Childminding Ireland staff take protest to Minister Zappone as strike enters third week


IMPACT members protested outside the Department of Children and Youth Affairs this afternoon (Tuesday) in support of staff of Childminding Ireland, who have been on strike since 7th June in a dispute over compulsory redundancies at the State-funded body.

Workers handed in a letter to the Minister for Children and Youth Affairs, Katherine Zappone, asking her to use her influence to require management to engage in meaningful talks to resolve the row, which today enters its third week.

In the letter to Minister Zappone, IMPACT deputy general secretary Kevin Callinan wrote: “Management at Childminding Ireland have shown a total disregard for the Workplace Relations Commission. Rather than engage in constructive negotiations, they have issued loyal staff with redundancy notices and told them they may be able to re-apply for their jobs at some unspecified time in the future.

“I hope that you will agree that such disregard for the State’s industrial relations machinery – and, indeed, for basic decency and respect in the workplace – is unacceptable in an organisation that is primarily funded by the public purse. I am requesting that, as Minister for Children and Youth Affairs, you use your influence, and that of your Department, to require Childminding Ireland to engage in normal negotiations through the State’s industrial relations bodies.”

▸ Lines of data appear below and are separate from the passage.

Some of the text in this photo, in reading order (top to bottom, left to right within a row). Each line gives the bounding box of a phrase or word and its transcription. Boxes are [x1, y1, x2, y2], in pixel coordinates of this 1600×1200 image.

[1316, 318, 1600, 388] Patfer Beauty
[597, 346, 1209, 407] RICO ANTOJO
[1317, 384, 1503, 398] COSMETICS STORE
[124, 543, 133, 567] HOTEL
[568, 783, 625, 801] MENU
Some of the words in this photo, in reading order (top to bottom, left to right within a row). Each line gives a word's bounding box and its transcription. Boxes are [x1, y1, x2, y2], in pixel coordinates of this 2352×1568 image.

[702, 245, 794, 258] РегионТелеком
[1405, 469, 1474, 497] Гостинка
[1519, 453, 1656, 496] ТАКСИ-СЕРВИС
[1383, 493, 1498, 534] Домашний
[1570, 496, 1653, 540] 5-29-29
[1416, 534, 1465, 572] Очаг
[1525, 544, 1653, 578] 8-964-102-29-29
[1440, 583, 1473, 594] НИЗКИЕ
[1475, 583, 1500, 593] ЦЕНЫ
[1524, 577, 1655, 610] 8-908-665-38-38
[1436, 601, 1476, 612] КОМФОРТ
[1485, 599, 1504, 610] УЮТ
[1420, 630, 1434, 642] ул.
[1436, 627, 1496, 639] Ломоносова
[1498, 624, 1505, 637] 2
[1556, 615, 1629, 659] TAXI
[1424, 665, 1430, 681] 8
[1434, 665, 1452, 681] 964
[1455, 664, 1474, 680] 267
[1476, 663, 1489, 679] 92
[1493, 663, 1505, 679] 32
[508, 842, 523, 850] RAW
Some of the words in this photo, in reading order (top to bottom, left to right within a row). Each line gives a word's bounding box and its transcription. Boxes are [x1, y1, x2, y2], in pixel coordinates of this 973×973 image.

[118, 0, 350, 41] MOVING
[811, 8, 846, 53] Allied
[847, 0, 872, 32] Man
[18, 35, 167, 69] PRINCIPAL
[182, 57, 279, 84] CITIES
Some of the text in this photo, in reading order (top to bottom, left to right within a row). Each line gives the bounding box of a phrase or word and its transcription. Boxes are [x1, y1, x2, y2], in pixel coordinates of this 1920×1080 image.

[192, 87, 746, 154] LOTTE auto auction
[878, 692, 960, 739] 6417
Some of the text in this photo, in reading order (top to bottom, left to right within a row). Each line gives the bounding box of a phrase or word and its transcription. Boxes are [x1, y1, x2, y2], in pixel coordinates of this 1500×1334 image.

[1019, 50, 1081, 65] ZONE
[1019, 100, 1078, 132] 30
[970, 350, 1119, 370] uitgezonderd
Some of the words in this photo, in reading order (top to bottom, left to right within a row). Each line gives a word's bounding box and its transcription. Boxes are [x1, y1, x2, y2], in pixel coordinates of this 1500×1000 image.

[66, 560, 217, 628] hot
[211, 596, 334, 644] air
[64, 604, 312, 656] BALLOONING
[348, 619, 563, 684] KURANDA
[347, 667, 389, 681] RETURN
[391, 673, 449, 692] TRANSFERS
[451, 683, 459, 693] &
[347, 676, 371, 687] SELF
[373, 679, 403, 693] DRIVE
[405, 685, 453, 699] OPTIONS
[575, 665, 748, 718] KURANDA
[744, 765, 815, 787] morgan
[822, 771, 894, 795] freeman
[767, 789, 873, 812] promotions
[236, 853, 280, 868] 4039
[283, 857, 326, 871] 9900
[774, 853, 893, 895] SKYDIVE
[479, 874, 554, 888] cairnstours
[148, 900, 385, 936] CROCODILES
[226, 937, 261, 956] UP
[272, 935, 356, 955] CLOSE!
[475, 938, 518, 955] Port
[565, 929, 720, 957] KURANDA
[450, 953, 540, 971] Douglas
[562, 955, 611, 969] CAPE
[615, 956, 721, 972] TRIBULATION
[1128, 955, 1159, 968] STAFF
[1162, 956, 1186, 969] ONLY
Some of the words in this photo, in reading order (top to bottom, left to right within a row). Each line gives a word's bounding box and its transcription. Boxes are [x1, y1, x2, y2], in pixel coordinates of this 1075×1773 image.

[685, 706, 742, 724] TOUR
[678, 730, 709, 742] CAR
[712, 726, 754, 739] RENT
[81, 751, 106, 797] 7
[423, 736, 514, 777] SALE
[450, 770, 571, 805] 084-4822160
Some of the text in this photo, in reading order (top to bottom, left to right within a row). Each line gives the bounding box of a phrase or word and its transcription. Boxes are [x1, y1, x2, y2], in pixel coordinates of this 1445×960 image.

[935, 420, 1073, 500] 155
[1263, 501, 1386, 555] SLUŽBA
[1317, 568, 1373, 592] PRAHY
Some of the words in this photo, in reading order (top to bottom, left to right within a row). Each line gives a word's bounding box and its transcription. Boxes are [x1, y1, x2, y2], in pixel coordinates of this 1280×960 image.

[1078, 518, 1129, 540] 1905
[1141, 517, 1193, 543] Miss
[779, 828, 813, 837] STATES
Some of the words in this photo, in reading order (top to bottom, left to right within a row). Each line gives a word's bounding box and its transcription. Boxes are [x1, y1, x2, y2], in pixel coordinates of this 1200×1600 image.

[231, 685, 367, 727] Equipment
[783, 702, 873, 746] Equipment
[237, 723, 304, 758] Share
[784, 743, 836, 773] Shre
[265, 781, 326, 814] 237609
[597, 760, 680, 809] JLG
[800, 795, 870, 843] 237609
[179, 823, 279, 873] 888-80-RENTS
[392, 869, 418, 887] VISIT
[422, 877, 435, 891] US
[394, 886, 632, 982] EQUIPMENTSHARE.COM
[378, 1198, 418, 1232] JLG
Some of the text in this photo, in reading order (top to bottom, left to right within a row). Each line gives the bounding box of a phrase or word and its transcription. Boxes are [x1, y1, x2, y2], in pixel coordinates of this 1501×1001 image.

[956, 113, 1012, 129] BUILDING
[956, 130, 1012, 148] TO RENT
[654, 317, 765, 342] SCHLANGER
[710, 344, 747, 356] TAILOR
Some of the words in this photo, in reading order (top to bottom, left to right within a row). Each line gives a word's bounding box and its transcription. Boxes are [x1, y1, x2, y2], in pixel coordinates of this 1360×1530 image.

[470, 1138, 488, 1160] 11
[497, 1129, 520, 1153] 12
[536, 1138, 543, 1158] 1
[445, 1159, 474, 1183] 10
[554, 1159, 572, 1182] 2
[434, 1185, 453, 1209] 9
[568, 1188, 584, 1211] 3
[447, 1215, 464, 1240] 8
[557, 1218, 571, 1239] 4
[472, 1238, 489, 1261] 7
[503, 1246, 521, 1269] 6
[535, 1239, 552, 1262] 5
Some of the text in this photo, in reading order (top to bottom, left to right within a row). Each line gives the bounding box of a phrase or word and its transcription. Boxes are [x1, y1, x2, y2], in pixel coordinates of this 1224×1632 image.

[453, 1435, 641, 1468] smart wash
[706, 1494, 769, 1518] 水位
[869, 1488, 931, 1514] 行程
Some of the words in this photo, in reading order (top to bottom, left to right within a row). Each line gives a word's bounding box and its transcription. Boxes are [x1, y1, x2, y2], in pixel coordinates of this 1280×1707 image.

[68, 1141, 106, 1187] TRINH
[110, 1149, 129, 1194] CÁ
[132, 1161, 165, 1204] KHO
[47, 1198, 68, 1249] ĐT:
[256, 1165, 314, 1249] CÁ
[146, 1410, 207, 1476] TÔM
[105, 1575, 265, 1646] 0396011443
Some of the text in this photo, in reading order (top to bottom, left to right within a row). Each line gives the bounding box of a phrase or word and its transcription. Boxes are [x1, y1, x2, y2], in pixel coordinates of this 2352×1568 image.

IMPACT says the strike at the organisation’s office in the Bullford business campus in Kilcoole, County Wicklow, is set to continue until management withdraws compulsory redundancy notices and enters meaningful talks over proposed restructuring plans. The union says it remains available to discuss restructuring, but says redundancies are unnecessary as Childminding Ireland is not experiencing financial difficulties and has produced no business case to justify job losses.

IMPACT official Stella Griffin said: “Childminding Ireland has refused to engage seriously in a conciliation organised by the Workplace Relations Commission (WRC), although it has misleadingly told journalists that it conducted a four-month consultation. In fact, no meaningful consultation has taken place. Management has had many opportunities to explain why it thinks restructuring and redundancies are necessary, and it has consistently failed to do so.”